Your kids are really cute. Border collies are great dogs too. So smart.

----------


## Chris Biorkman

Here's my boy about six months ago getting acquainted with Winston. Sorry, but my bulldog and my Ellis don't mix too well. I don't like drool in my f-holes. #

----------


## Michael H Geimer

Time for an update from me, as I've added a couple more canines to the kennel. Here's me with Monty, Wilma, and the young pup Wiley. They love to go exploring the wild hillside behind our house.
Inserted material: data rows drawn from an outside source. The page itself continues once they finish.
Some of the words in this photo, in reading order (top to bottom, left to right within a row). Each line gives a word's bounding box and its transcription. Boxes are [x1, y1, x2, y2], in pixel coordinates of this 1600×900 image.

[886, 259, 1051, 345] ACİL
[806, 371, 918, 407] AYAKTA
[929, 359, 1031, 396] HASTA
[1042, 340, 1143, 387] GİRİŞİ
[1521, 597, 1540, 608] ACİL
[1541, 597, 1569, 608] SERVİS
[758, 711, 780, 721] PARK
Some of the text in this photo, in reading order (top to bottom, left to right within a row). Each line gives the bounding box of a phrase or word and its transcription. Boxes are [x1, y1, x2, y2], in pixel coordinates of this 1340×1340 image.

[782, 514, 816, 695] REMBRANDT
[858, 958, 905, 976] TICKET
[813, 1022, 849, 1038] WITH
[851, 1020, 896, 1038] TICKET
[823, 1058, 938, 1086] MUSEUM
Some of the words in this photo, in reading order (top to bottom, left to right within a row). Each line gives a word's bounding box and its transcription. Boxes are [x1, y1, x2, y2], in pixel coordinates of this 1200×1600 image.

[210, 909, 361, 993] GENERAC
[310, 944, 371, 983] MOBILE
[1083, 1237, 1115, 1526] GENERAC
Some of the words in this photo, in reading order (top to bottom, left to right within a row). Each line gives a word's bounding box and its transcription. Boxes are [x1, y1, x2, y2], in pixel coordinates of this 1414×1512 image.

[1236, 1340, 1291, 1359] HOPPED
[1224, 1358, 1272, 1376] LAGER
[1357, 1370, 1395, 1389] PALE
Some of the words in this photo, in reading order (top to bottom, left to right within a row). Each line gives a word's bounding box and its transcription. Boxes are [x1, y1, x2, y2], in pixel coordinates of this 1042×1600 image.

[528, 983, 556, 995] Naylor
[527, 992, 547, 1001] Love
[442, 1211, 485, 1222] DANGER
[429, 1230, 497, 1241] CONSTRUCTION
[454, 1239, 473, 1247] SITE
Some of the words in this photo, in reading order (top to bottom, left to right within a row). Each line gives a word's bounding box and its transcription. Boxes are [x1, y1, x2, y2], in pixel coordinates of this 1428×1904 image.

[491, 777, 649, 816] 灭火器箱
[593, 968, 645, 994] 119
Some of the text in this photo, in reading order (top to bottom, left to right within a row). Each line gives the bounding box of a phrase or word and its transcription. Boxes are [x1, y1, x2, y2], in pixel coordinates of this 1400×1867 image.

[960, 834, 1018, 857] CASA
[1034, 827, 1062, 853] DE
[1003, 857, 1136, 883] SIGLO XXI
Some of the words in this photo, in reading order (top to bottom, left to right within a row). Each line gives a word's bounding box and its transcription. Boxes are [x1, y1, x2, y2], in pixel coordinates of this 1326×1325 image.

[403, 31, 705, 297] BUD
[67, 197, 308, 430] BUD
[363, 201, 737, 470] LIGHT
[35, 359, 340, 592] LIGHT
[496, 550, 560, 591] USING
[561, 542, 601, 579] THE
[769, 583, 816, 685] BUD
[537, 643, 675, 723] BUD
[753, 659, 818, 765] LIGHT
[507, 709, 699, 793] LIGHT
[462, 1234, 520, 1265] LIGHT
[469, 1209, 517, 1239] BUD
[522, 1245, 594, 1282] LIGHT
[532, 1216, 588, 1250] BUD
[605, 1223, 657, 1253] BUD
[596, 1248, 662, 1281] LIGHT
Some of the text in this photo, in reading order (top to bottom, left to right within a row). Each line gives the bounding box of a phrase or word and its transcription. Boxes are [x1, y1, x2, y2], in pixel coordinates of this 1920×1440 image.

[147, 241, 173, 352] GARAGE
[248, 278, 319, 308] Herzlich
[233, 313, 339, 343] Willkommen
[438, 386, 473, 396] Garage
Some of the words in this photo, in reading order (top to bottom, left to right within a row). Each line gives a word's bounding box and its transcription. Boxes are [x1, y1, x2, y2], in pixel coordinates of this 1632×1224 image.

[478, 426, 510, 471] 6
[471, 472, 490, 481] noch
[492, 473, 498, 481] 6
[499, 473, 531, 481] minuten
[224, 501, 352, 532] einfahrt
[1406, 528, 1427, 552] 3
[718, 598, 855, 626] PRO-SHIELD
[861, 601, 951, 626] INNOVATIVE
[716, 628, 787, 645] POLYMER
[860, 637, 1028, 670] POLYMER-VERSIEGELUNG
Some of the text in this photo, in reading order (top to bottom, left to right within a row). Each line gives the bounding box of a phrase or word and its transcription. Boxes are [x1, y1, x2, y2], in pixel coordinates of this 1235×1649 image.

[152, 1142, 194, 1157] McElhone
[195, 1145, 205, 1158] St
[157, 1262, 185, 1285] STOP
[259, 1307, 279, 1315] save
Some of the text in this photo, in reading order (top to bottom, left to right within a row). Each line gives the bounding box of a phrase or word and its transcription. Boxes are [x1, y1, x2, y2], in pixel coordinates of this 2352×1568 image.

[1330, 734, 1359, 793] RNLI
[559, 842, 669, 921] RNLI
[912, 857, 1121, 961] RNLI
I do, too!



 - MG

(Bill, Joe and Jim, so sorry for your loss.  We can't bear to think about outliving our animal friends, even though we surely will)

----------


## Bill Snyder

Kevin I have watched several of your videos and that IMHO is the best.

----------


## stevem

Great picture Michael.  

Did you move out east yet? That doesn't look like California, but maybe I'm mistaken.

----------


## Michael H Geimer

Steve,
Yep, that's our new place in North Carolina. We still aren't used to the idea of so much room (tiny house / big yard). The dogs are learning all about barbed wire, and electric fences.  

Wiley tagged along for the ride. She was abandoned in our Oakland neighborhood a month or so before we left. After getting her off the streets, we decided to take her along where we knew she'd be fine. She quickly became a local celebrity!

 - MG

----------


## man dough nollij

Here's Conan:

----------


## man dough nollij

Conan as a tot:

----------


## Marshall Stapleton

here's Hardy trying to remember the chords to "old shep"
Marshall

----------


## Bobbie Dier

I LOVE my dog. She is 1 1/2 yrs old. Named Jeannie after my husbands company Americal 198th dog in Vietnam. 

It's hard to get a dog to pose with a mandolin.

----------


## Bill Snyder

That dog makes that mandolin look like a toy.

----------


## Bobbie Dier

Yeah it does look like a toy. She really isn't that big though. I was going to take the picture outside but I was afraid she would take off running. She likes to play keep away. That would NOT be good.

----------


## Bobbie Dier

That was not a good picture of my dog. This one is better. She looked weird in the other one. Like the beast that ate the mandolin player.

----------


## Jim Garber

Here is Charlie 2004 Mini-Schnauzer with my 1923 A2. He is sorely in need fo a haircut but he was sitting still and I had the mandolin and the camera.

He often howls along with my mandolin playing. No accounting for canine taste.

----------


## fredfrank

I've seen this one before . . .

----------


## Jim Garber

> Here is Charlie 2004 Mini-Schnauzer with my 1923 A2. He is sorely in need fo a haircut but he was sitting still and I had the mandolin and the camera.
> 
> He often howls along with my mandolin playing. No accounting for canine taste.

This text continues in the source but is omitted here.